Increasing Your Child's Comfort with Nitrous Oxide

January 23, 2013 Deborah Worthington, RN, CPN

You may be familiar with “laughing gas” as something you find at the dentist’s office but did you know it can also be used when your child is a patient at Swedish? Laughing gas is a mix of nitrous oxide and oxygen, but you might hear your pediatric nurses just call it “nitrous.” In pediatrics, we use it to help a patient relax and feel more comfortable during certain procedures such as IV placement or urinary catheterization.

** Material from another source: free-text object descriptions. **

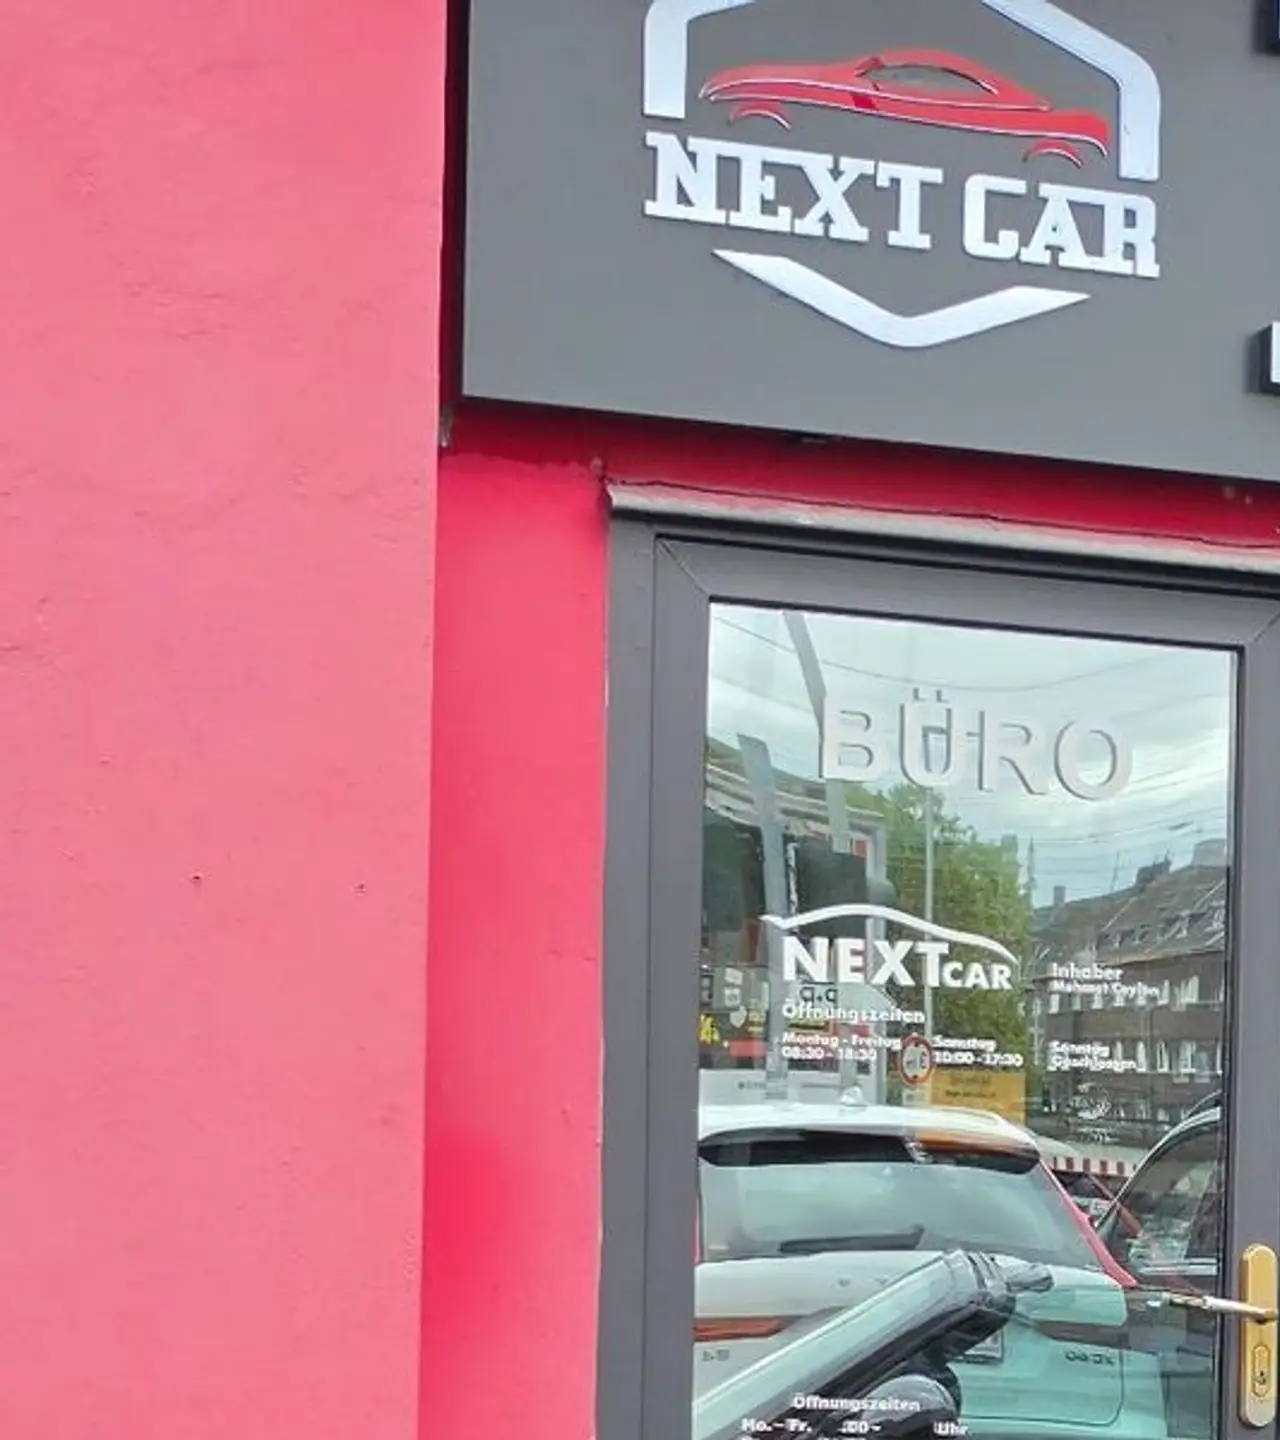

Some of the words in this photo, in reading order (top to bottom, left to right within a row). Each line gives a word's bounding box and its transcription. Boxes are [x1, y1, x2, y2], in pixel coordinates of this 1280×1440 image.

[642, 131, 944, 252] NEXT
[962, 172, 1161, 279] CAR
[819, 687, 1133, 801] BÜRO
[1052, 961, 1124, 979] Inhaber
[781, 998, 926, 1023] Öffnungszeiten
[782, 1031, 840, 1048] Montag
[851, 1033, 902, 1051] Freitag
[932, 1034, 997, 1053] Samstag
[793, 1393, 921, 1413] Öffnungszeiten
[933, 1420, 969, 1436] Uhr

Once your doctor or nurse has determined that your child is a good candidate for nitrous (without any contraindications such as conditions where air may be trapped in the body, pregnancy, or impaired level of consciousness), your nurses and certified child life specialist (CCLS) will explain the process: Your child will choose a flavor for the inside of their mask used to administer the gas. They will be on a stretcher or bed and have a saturation probe attached to a finger to monitor their oxygenation. One nurse will administer oxygen, then the nitrous, gradually increasing the amount until your child is suitably relaxed for the procedure, while remaining responsive to directions. Another clinician will perform the procedure, e.g., place the IV. A doctor is also available.

As a parent you are welcome to be at your child’s side to provide additional comfort. The room is kept quiet with minimal noise; depending on your child’s age and habits, you may like to talk or sing softly to him or her. The gas takes effect rapidly, making procedures easier for both patient and clinician. The gas is maintained at the specific level needed to keep your child relaxed throughout the procedure. When the procedure is completed, (in this example, an IV is placed), the nitrous is stopped and the oxygen continued for an additional 2-5 minutes. Nitrous wears off quickly and allows your child to rapidly return to his or her original level of consciousness.

An additional benefit of nitrous is a patient being able to eat beforehand and not having to fast (as with surgery). If eating before nitrous, we recommend a patient have a light snack as a way to minimize the potential for nausea and vomiting. These, along with sweating, are the most common side effects.

Nitrous can be used for both inpatients and short-stay patients whether in the pediatric treatment room, at the bedside or in the pediatric emergency department. Nitrous is just one way pediatric nurses work to increase your child’s comfort during a stay or visit at Swedish.